The problem
I'd like the entries repeated exactly, pictures omitted.
*** Begin section ***
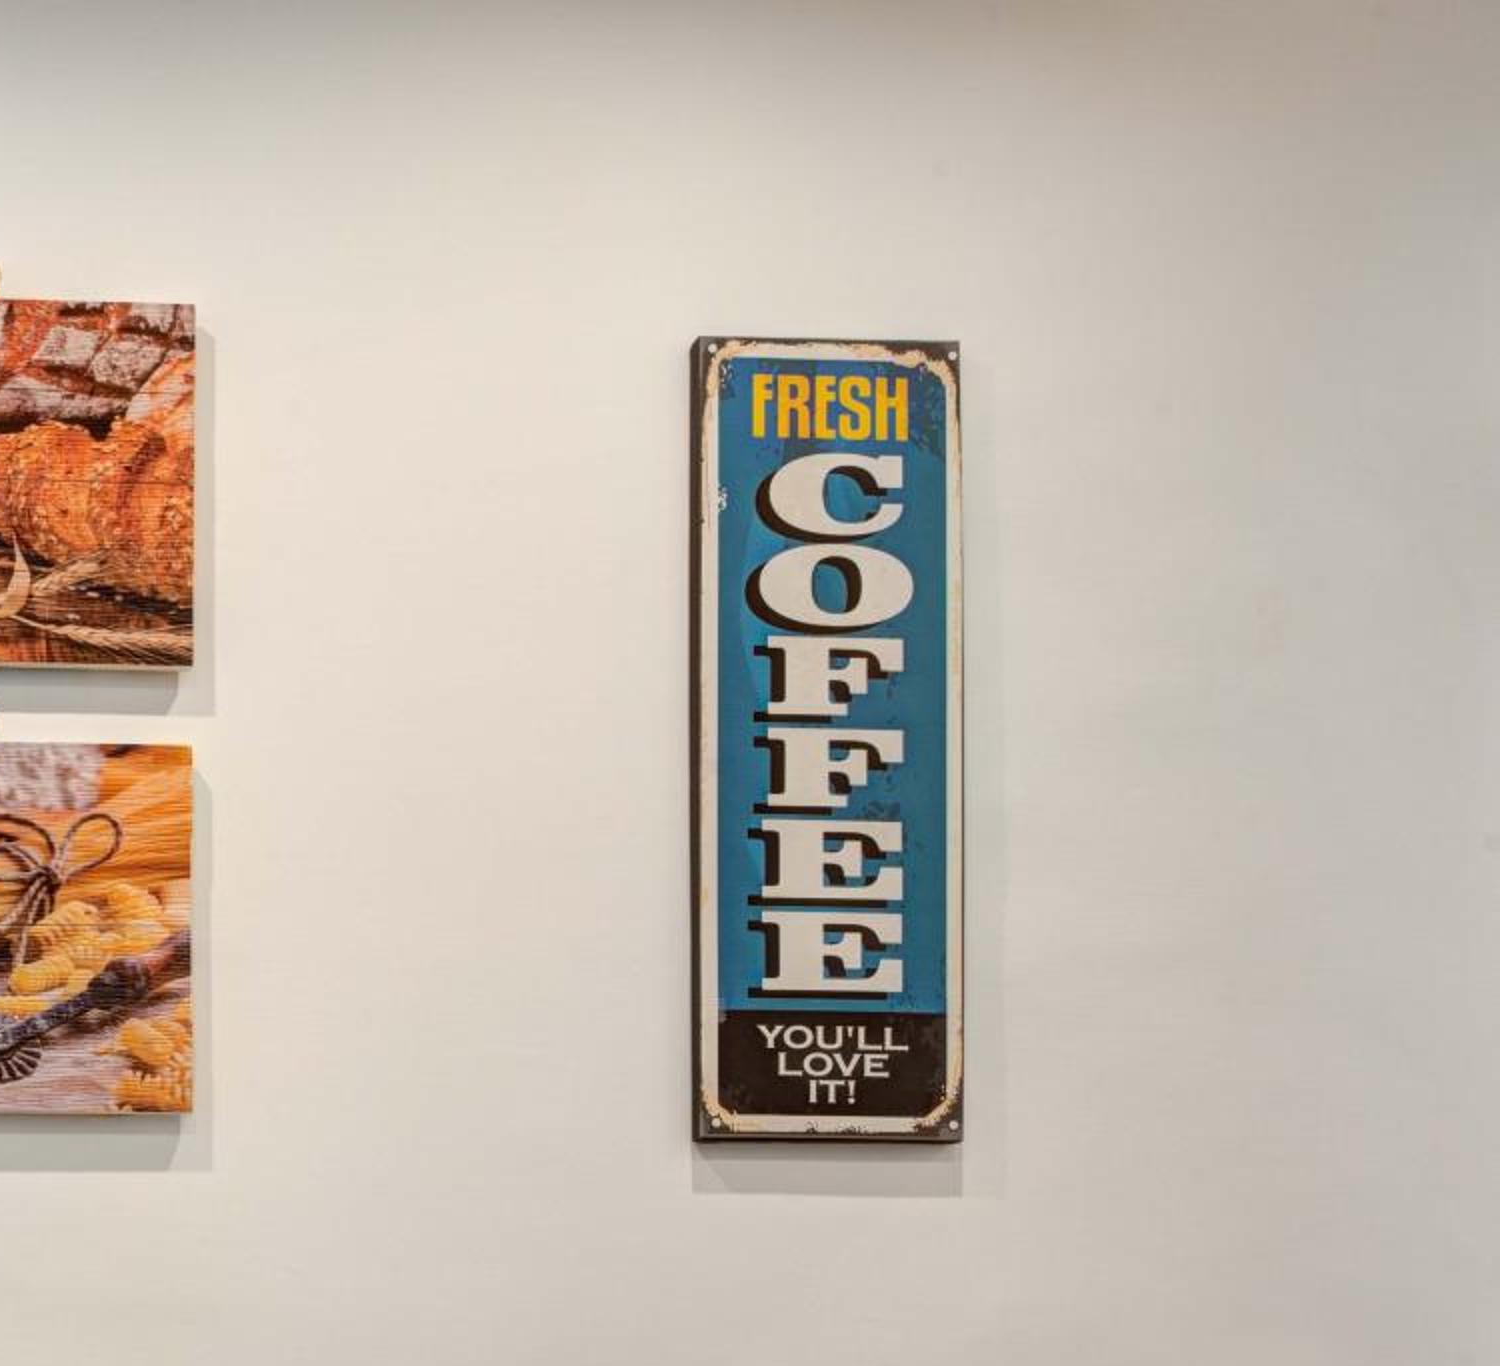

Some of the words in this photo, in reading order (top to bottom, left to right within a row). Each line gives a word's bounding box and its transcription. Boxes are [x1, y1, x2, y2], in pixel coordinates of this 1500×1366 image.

[752, 373, 909, 442] FRESH
[744, 453, 915, 1000] COFFEE
[756, 1024, 910, 1052] YOU'LL
[777, 1051, 890, 1077] LOVE
[809, 1079, 856, 1104] IT!
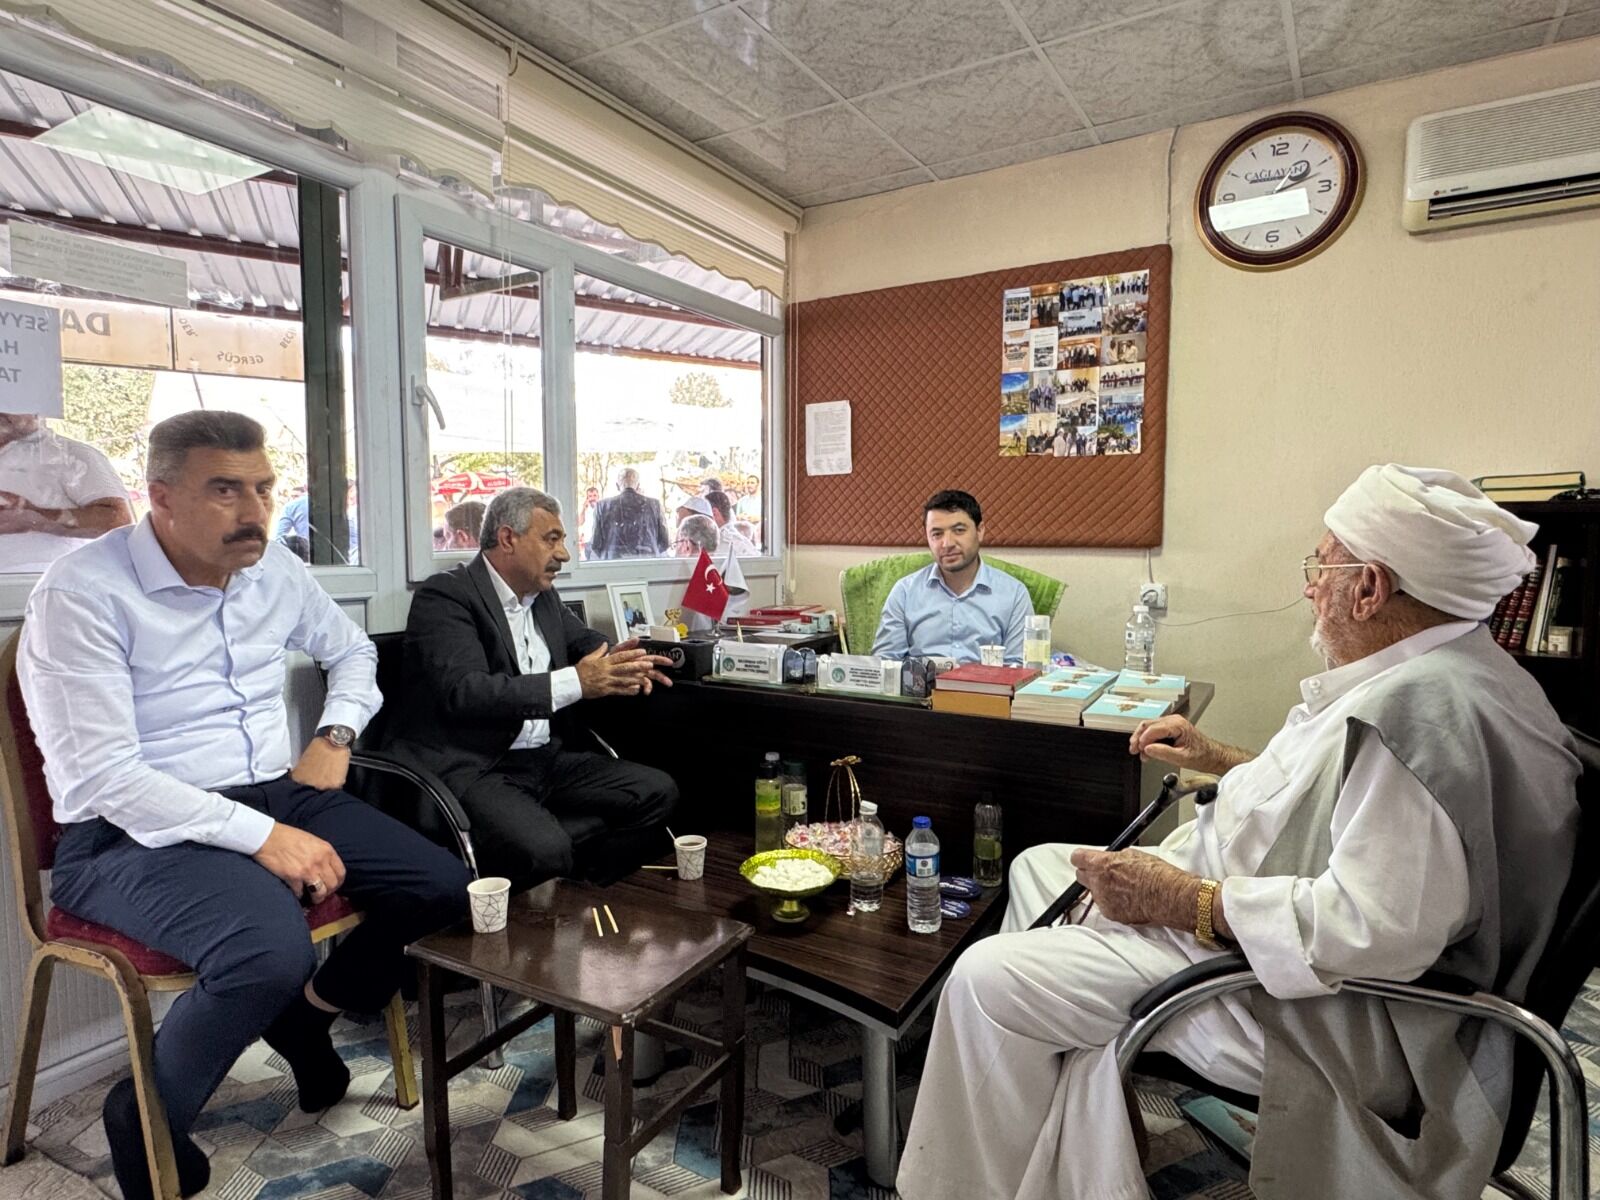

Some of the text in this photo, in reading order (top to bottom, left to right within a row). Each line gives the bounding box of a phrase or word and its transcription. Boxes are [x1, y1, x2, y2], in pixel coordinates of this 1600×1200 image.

[1269, 142, 1290, 157] 12
[1316, 179, 1332, 194] 3
[1265, 229, 1280, 244] 6
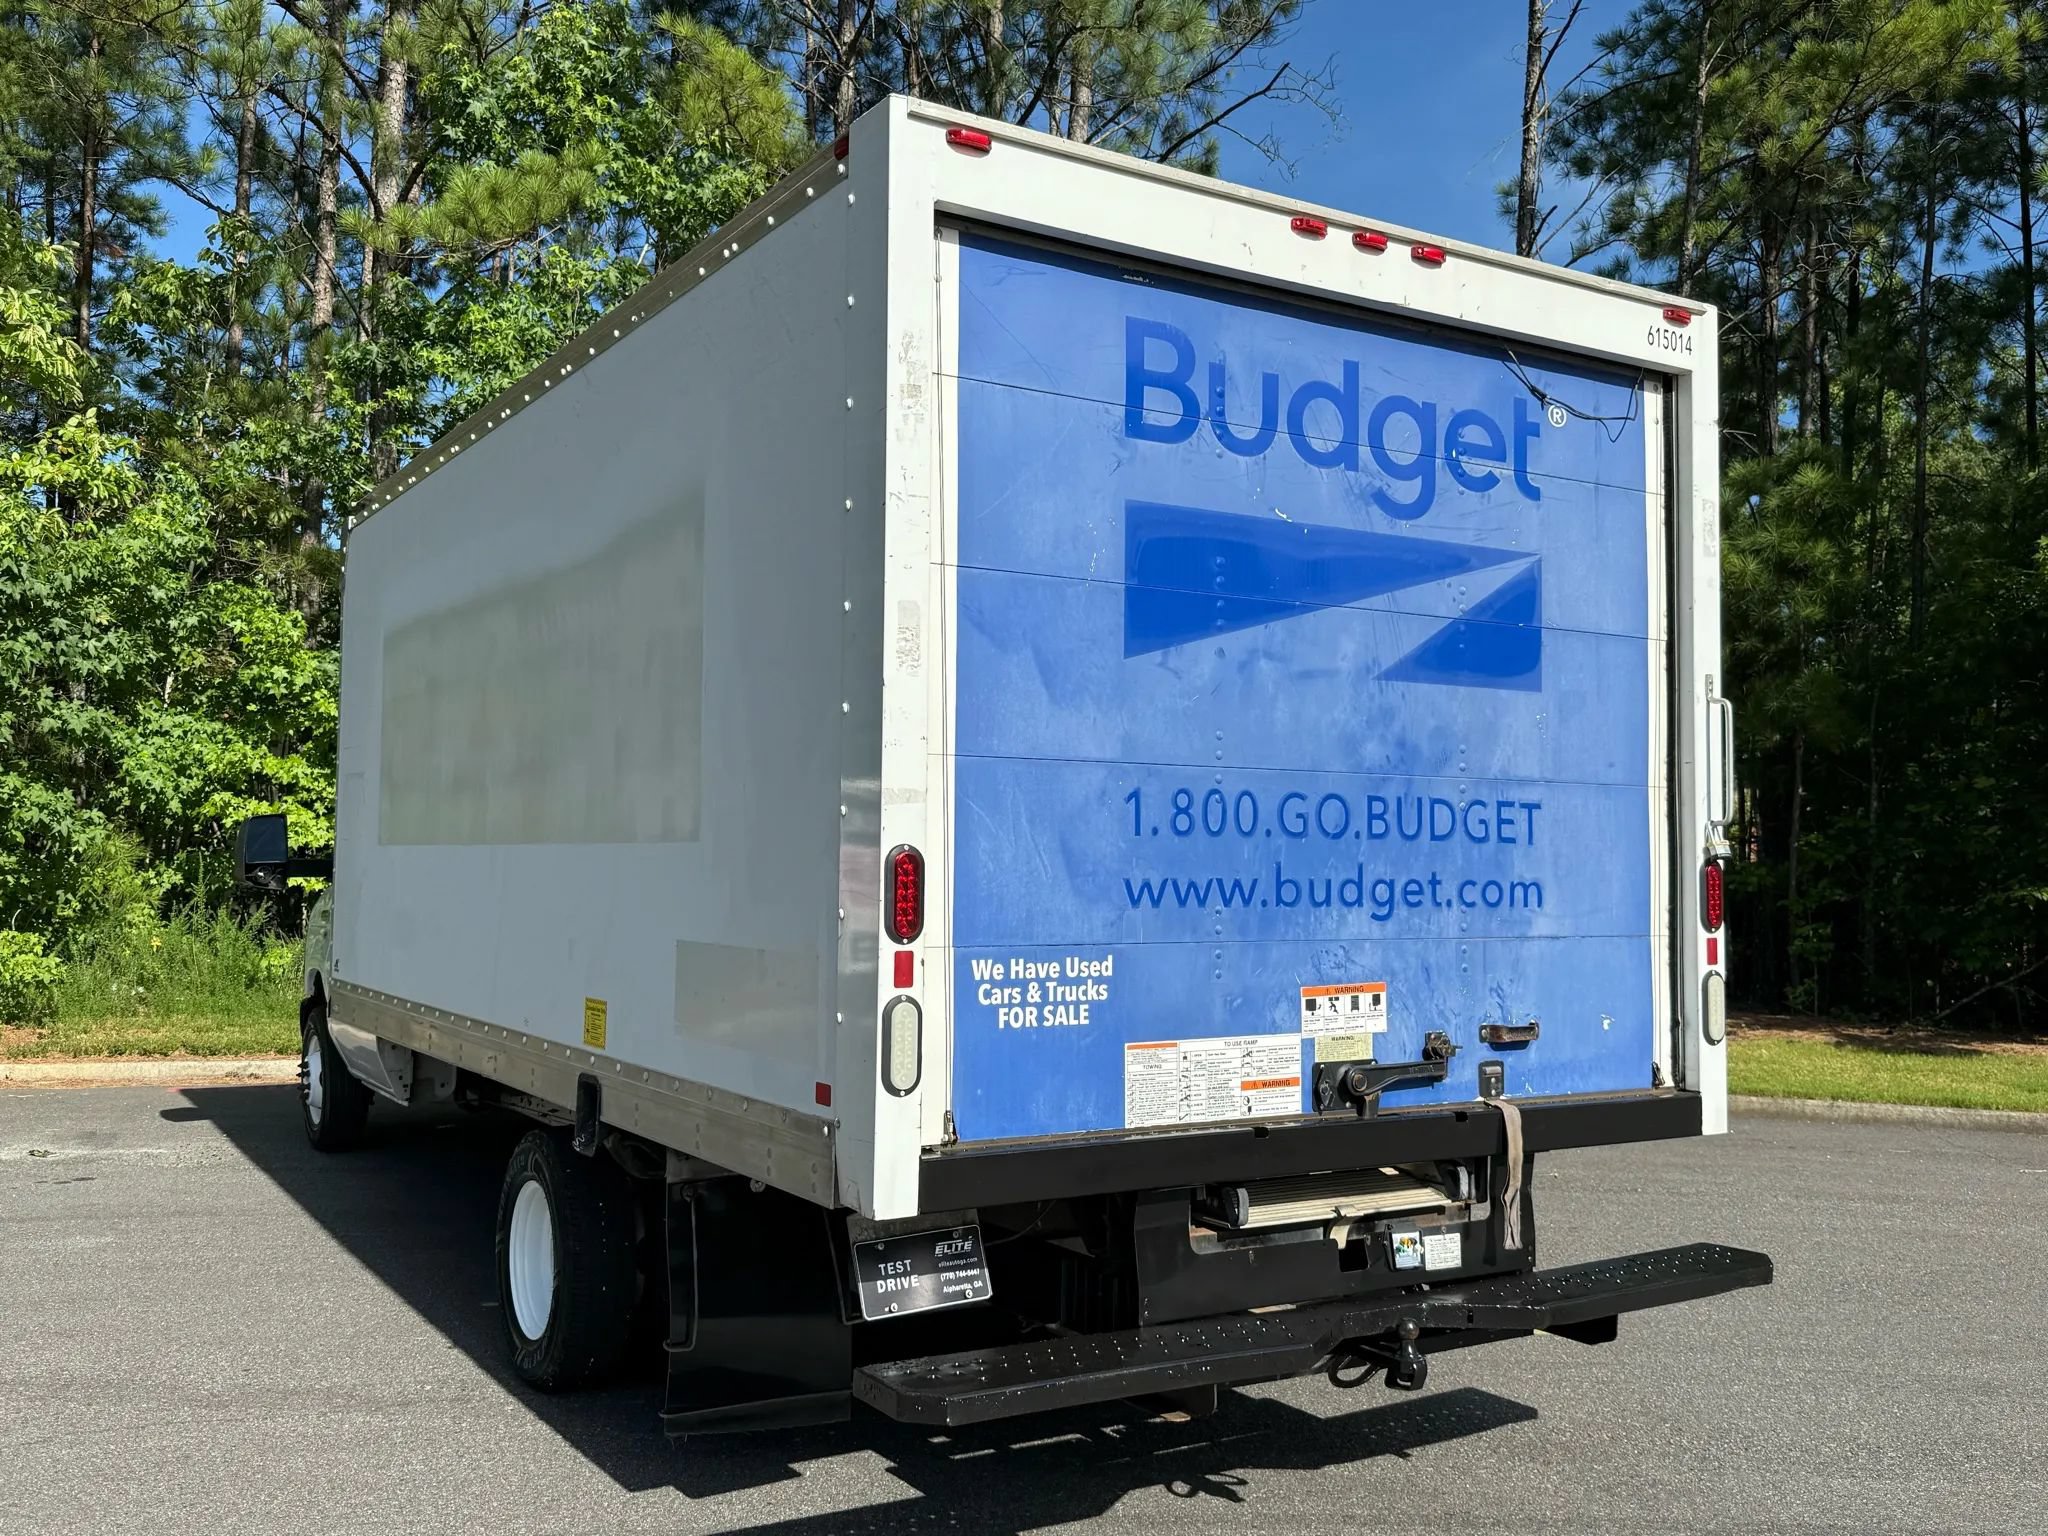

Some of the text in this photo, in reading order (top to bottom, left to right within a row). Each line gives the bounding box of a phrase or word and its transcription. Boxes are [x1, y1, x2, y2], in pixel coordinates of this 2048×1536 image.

[1647, 325, 1693, 356] 615014
[1125, 316, 1541, 520] Budget
[1123, 787, 1542, 846] 1.800.GO.BUDGET
[1123, 861, 1543, 921] www.budget.com
[971, 955, 1113, 981] We Have Used
[978, 979, 1108, 1006] Cars & Trucks
[1335, 985, 1365, 995] WARNING
[998, 1004, 1090, 1029] FOR SALE
[1261, 1079, 1291, 1088] WARNING
[935, 1240, 973, 1255] ELITE
[878, 1259, 912, 1275] TEST
[877, 1275, 920, 1293] DRIVE
*** End section ***
Written answer
Some of the words in this photo, in reading order (top to bottom, left to right within a row). Each line gives a word's bounding box and its transcription. Boxes are [x1, y1, x2, y2], in pixel coordinates of this 1500×1366 image.

[752, 373, 909, 442] FRESH
[744, 453, 915, 1000] COFFEE
[756, 1024, 910, 1052] YOU'LL
[777, 1051, 890, 1077] LOVE
[809, 1079, 856, 1104] IT!

Some of the text in this photo, in reading order (top to bottom, left to right within a row). Each line gives the bounding box of a phrase or word and its transcription. Boxes are [x1, y1, x2, y2], in pixel coordinates of this 1600×1200 image.

[1269, 142, 1290, 157] 12
[1316, 179, 1332, 194] 3
[1265, 229, 1280, 244] 6

Some of the text in this photo, in reading order (top to bottom, left to right within a row). Each line gives the bounding box of a phrase or word and its transcription. Boxes are [x1, y1, x2, y2], in pixel coordinates of this 2048×1536 image.

[1647, 325, 1693, 356] 615014
[1125, 316, 1541, 520] Budget
[1123, 787, 1542, 846] 1.800.GO.BUDGET
[1123, 861, 1543, 921] www.budget.com
[971, 955, 1113, 981] We Have Used
[978, 979, 1108, 1006] Cars & Trucks
[1335, 985, 1365, 995] WARNING
[998, 1004, 1090, 1029] FOR SALE
[1261, 1079, 1291, 1088] WARNING
[935, 1240, 973, 1255] ELITE
[878, 1259, 912, 1275] TEST
[877, 1275, 920, 1293] DRIVE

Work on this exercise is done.